Dec 26 2008 by Iain Pollock, Dumfries Standard Friday
A DUMFRIES namesake is all set for a special celebration … to mark its 260th birthday.
For Dumfries is the oldest chartered town in the US state of Virginia – beating nearby Alexandria, on the outskirts of Washington DC by just a few hours.
And current mayor Fred Yohey says: “Although just a small town we feel we have something to shout about in our charter.”
And he stressed: “Anyone from Scotland’s Dumfries will be given a very warm welcome if they can manage across to our celebrations in May.”
The US Dumfries dates back to the late 1600s at a small inlet called Quantico Creek just off the Potomac River and with developments in the area, the town was formally established and named by John Graham after his Scottish birthplace and received its charter on May 11, 1749, making it the oldest continuously chartered town in Virginia.
The growth of the tobacco market saw it become a thriving community rivalling Boston, Philadelphia and New York in importance.

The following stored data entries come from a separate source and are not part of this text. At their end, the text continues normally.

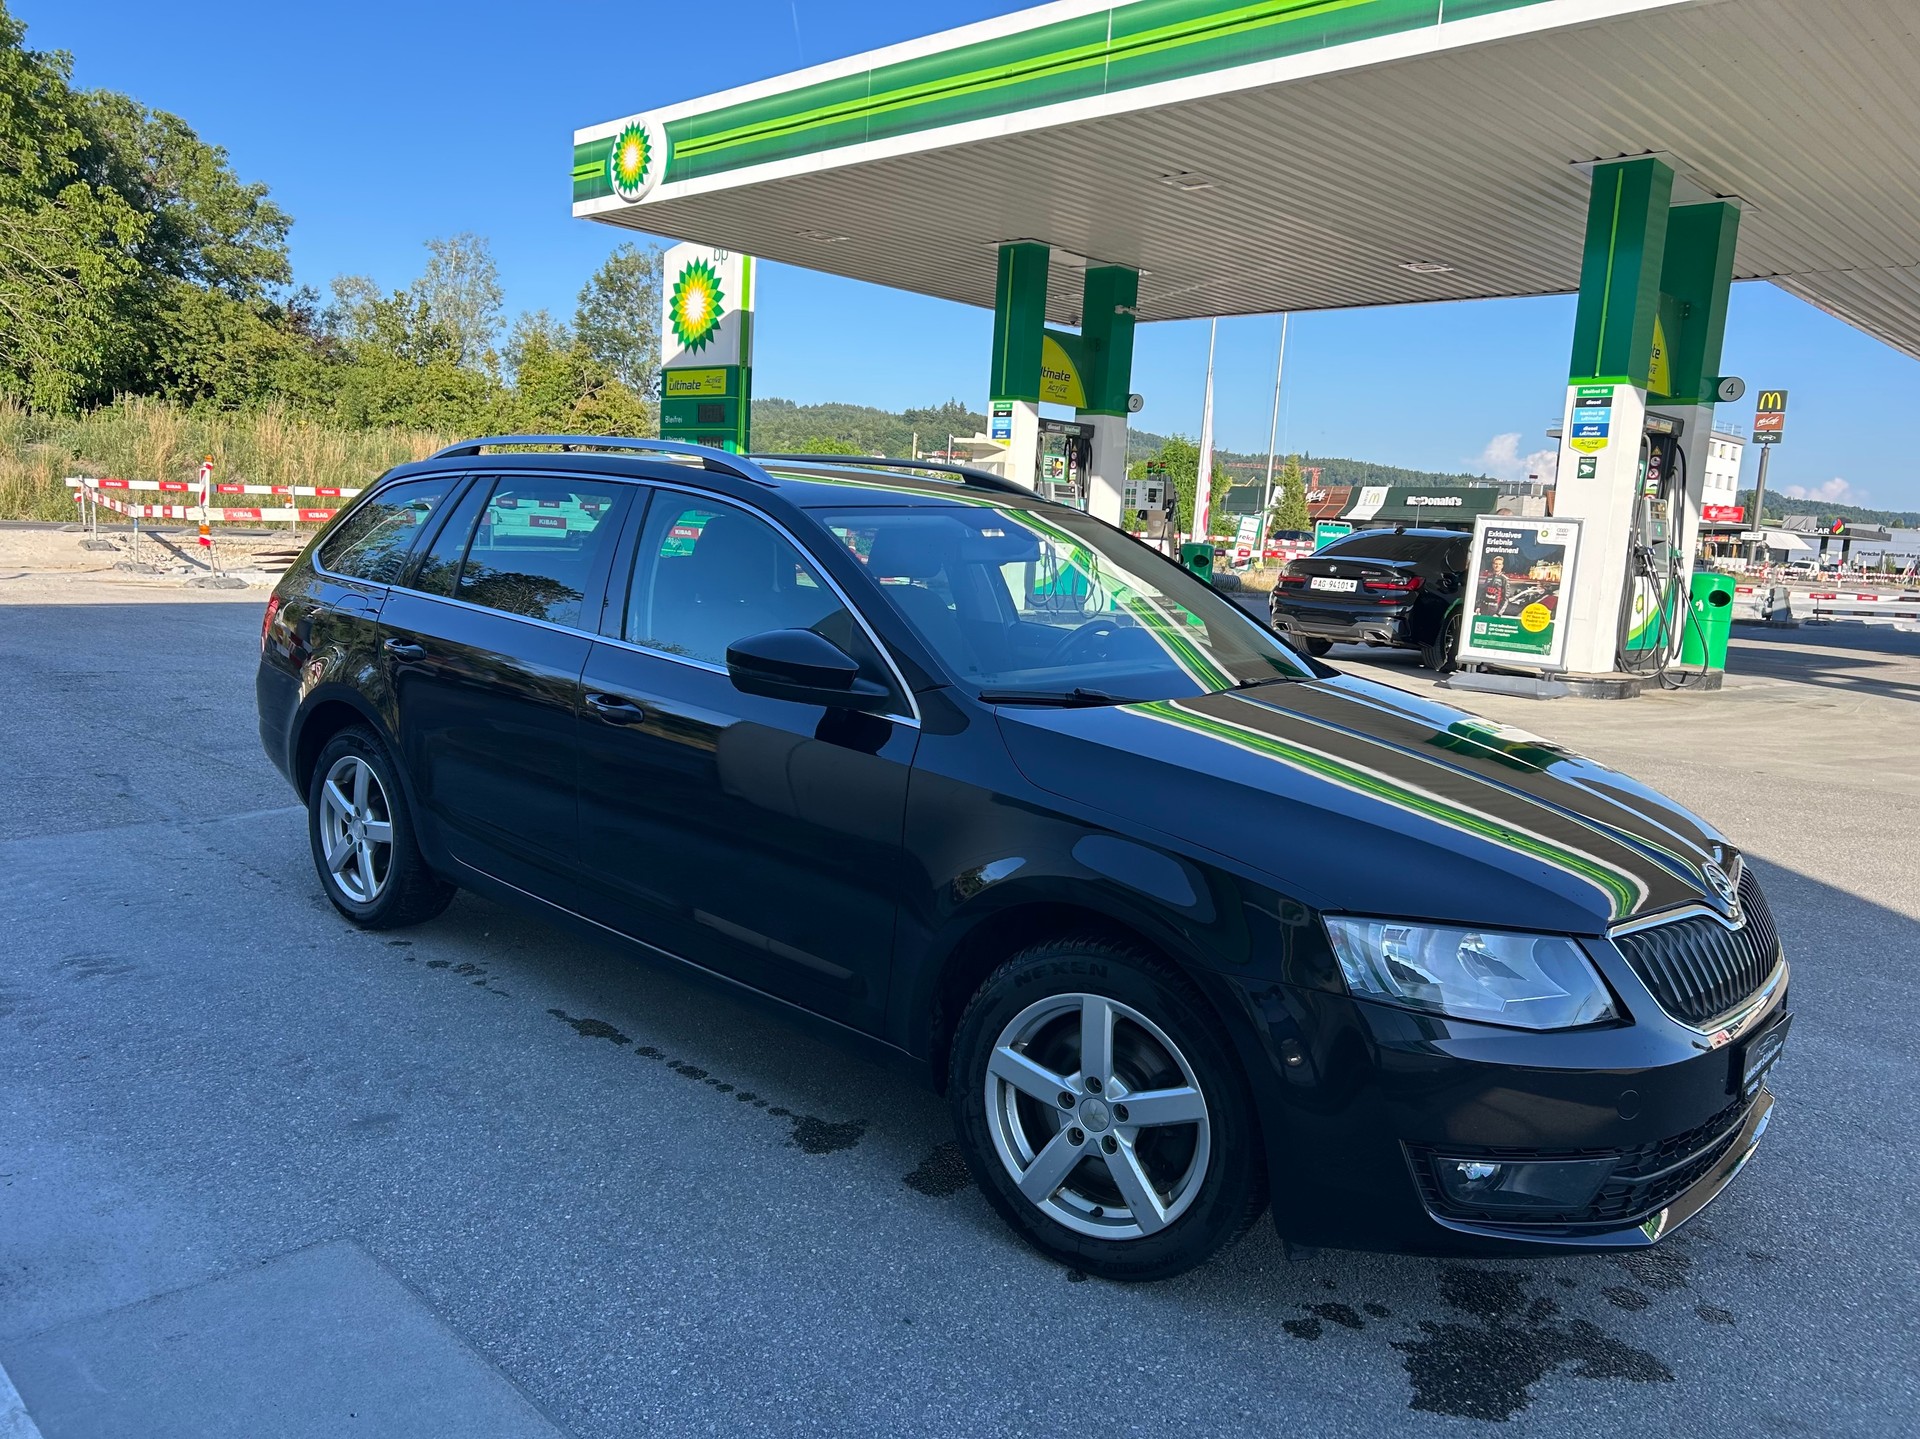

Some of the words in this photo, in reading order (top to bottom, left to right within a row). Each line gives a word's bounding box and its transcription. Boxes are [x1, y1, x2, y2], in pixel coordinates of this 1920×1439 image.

[714, 248, 728, 265] bp
[1041, 366, 1071, 382] ltimate
[669, 379, 701, 391] ultimate
[1726, 383, 1735, 396] 4
[1132, 398, 1139, 409] 2
[665, 415, 683, 423] Bleifrei
[1407, 496, 1463, 506] McDonald's
[1487, 530, 1522, 538] Exklusives
[1486, 538, 1513, 546] Erlebnis
[1485, 546, 1519, 554] gewinnen!
[1317, 579, 1327, 588] AG
[1329, 580, 1349, 589] 94101
[1013, 961, 1109, 988] NEXEN

But Mayor Yohey pointed out that large scale cultivation in the area led to the town’s downfall.
He said: “There was no erosion control and sediment was washed down the rivers and the harbour became silted up and its importance began to wane.”
However it was at the centre of several battlefields in both the revolutionary war and the Civil War and although no fighting actually took place in the town it did have its importance adjacent to the Potomac River and the way upstream to Washington DC and came under fire.

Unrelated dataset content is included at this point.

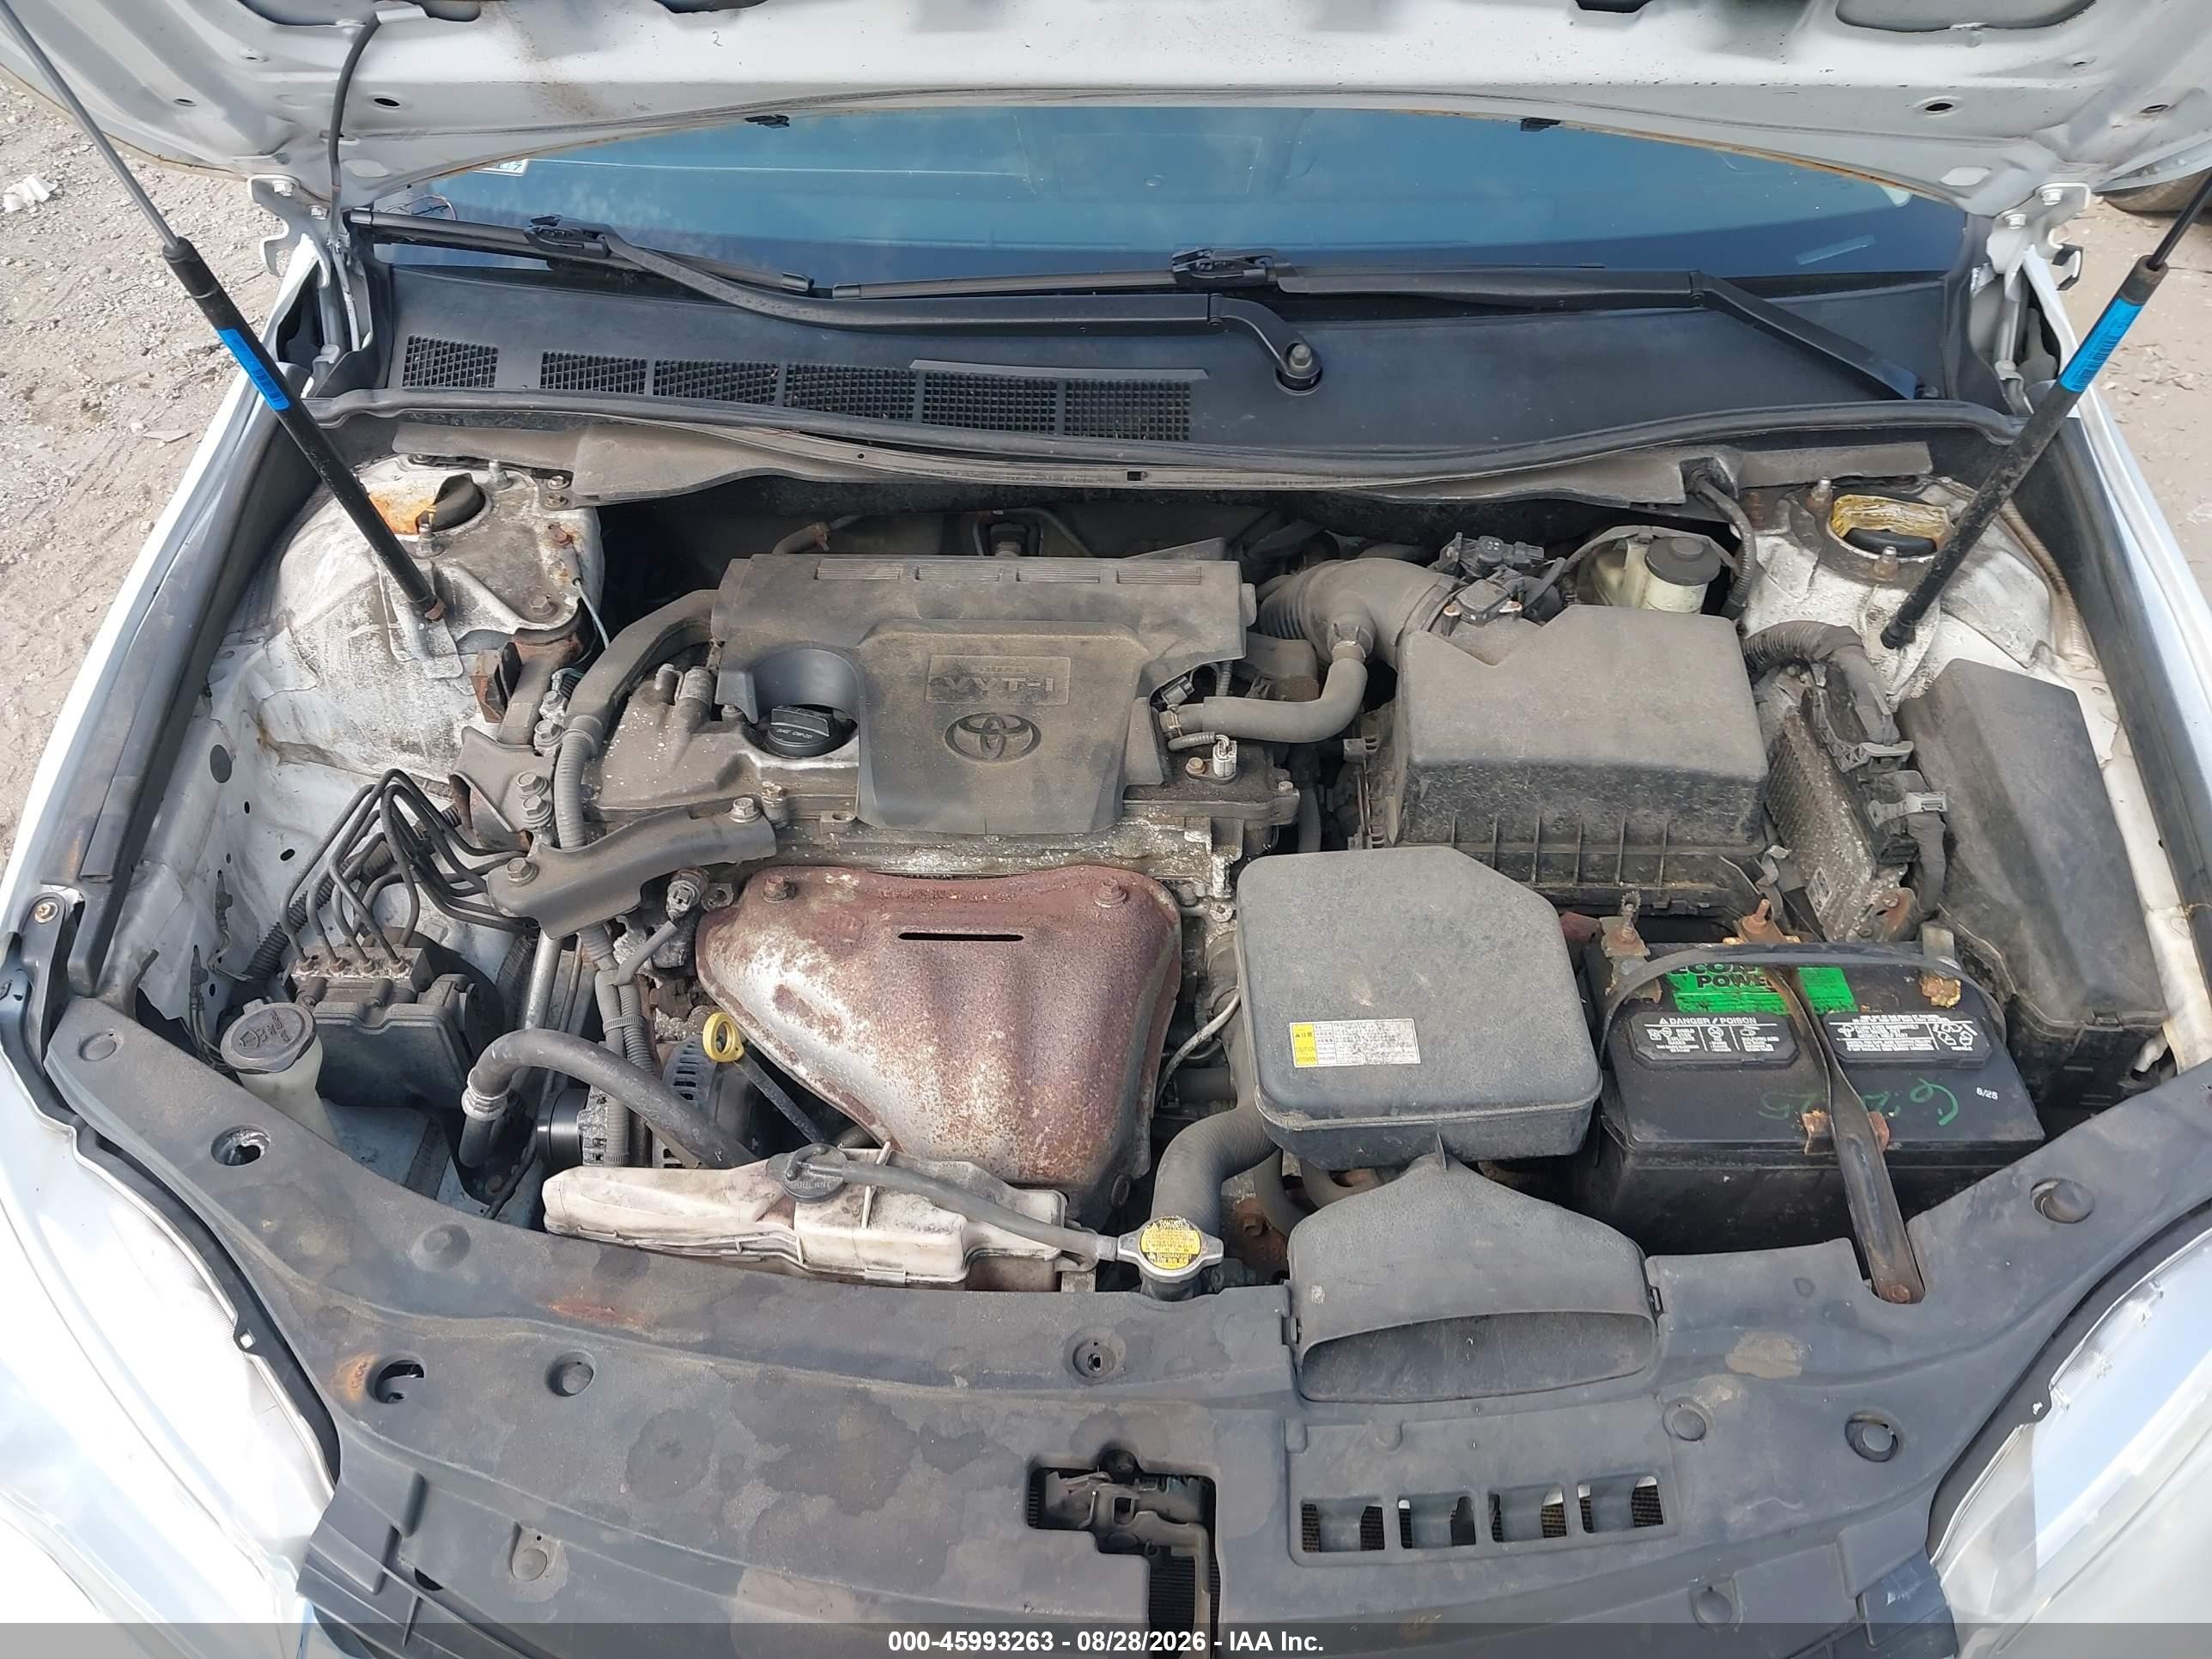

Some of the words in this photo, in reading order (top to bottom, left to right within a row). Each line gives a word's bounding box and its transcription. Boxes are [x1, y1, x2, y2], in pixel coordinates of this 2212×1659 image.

[1668, 1017, 1711, 1025] DANGER
[1718, 1017, 1758, 1025] POISON
[1976, 1085, 1999, 1101] 6/25

And during the Civil War one of the houses in the town – the Henderson House – which is still standing and occupied today, was used as a hospital and the coping at one corner was torn away by cannon fire.
Today the town, with a population of around five and a half thousand, is mainly a bedroom community for Washington DC, though Mayor Yohey is optimistic that it could have a future tourist spin off following the building of the US Marines Museum just outside the town boundary next to the Quantico Marine base.
He said: “It was opened just under two years ago by President George Bush and is attracting a million visitors a year.
“It would certainly be wonderful to get some spin off from that.”